Looking at a Random Card: Grixis Slavedriver
(What am I doing here? Read here!)
Pegasus Token from Unglued: Moderately beautiful. Seldom useful, especially in limited environments. I don’t think you really need customized tokens to play Magic anyways. Next.
Grixis Slavedriver: Other colors than Blue and Black just do not seem to randomly come up for me. Actually, that’s now the 4th black card out of 6 (not counting the token)! Also, the 5th creature. Randomness is random…
I like this design! Unearth is a WAY better implementation of a graveyard-based mechanic than dredge. This is a very nice high-end card with unearth, giving you acceptable value (although barely) for 6 mana even without coming back from your graveyard, and putting you clearly ahead in cards once it does. An expensive unearth card has a subtle weakness, though, which many players don’t realize: Unearth actually is only really strong if you’re on the offense, since unearthing a creature will most of the time just mean direct damage to your opponent (but giving him options to avoid it, if he prefers). When you’re on the defense, you’ll neither have much use for this direct damage, nor are likely to spend your mana on it. Yes, a big creature like Etehrium Abomination can really put the pressure on an already backpedaling opponent, but playing too many rather clumsy creatures might prevent you from being on the offense at all!

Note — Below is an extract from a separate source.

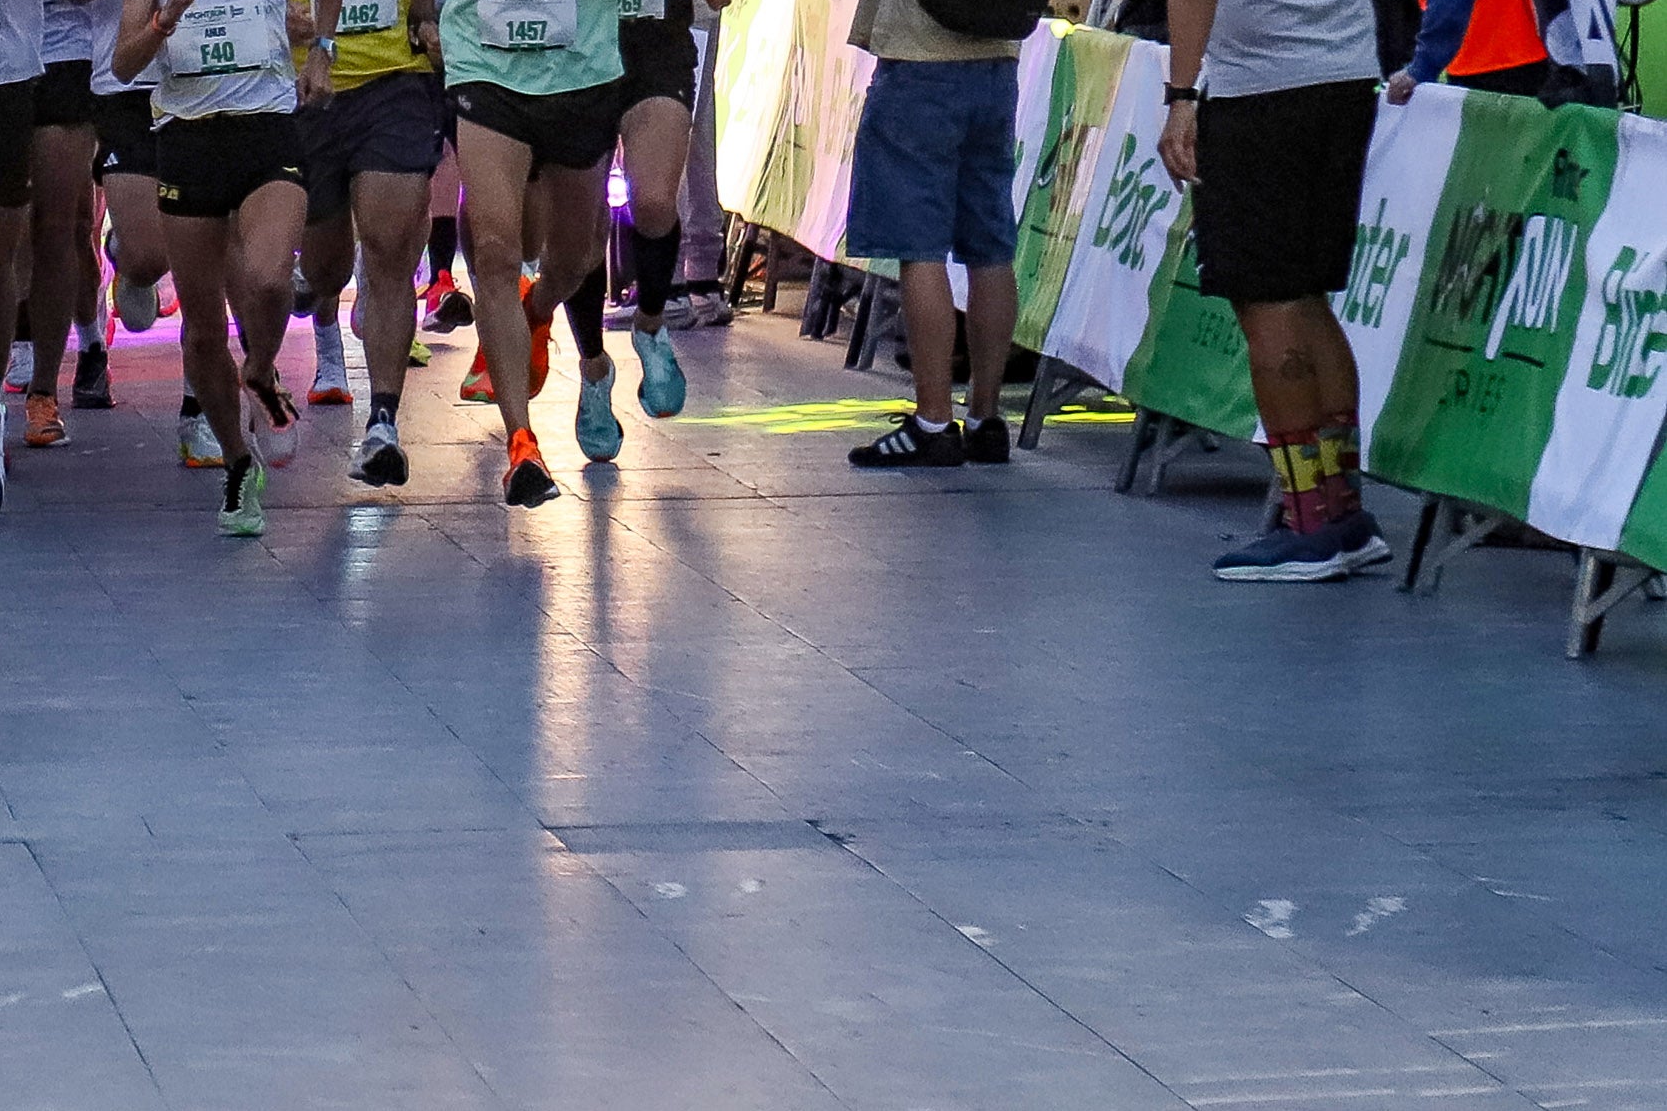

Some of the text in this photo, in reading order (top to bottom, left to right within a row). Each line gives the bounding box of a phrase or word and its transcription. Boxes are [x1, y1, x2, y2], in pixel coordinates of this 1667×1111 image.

[341, 3, 379, 25] 1462
[506, 21, 547, 41] 1457
[200, 42, 235, 65] F40
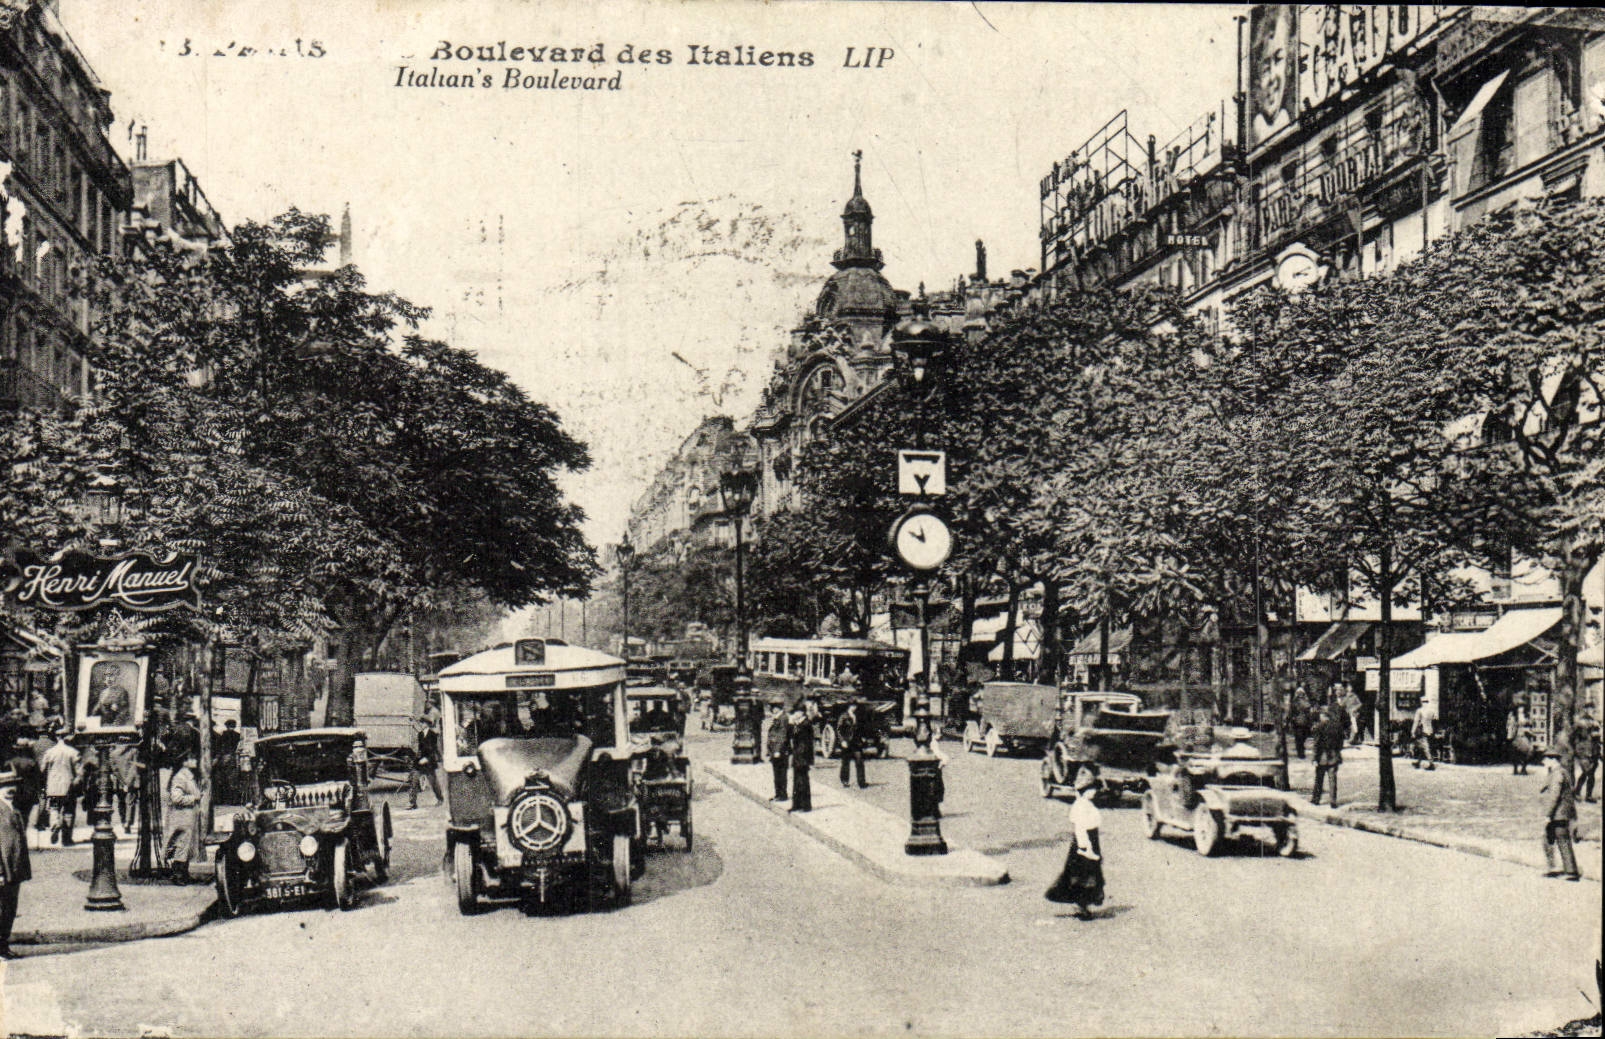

Having to find that balance between an aggressive approach and utilizing bigger unearth creature means that these cards reward good deckbuilders, but punish poor ones, which is a good thing. Grixis Slavedriver, however, doesn’t exactly fit that category, since due to its token-producing it is also useful (albeit a litle slow) for halting an opponent’s defense, and even unearthing it can play a part here. Due to mana curve considerations, one could even argue that the Slavedriver belongs more in controllish builds! That is remarkable, since the Slavedriver is probably the only unearth card where this is true. In my book, that is a plus, because it helps to diversify the tactical applications of that mechanic, once more slightly rewarding drafters who have a clear understanding of the needs of their decks.
Considering its power level, I believe the Slavedriver is just in the right spot, possibly undervalued by some players – a solid early pick providing a lot of value for any not too fast deck. Just like the Magpie, it offers an incremental advantage instead of a clear, immediate danger forcing the opponent to get rid of it right away or die. While big, impressive threats like Shivan Dragon have their place in limited environments, it is these less spectacular cards which do the main work of creating interesting deckbuilding and gameplay. One more thing to note: This creature works well with any graveyard-themed environment, or even as the only card using such a mechanic – it’s generically useful and thus a flexible tool for cube-builders.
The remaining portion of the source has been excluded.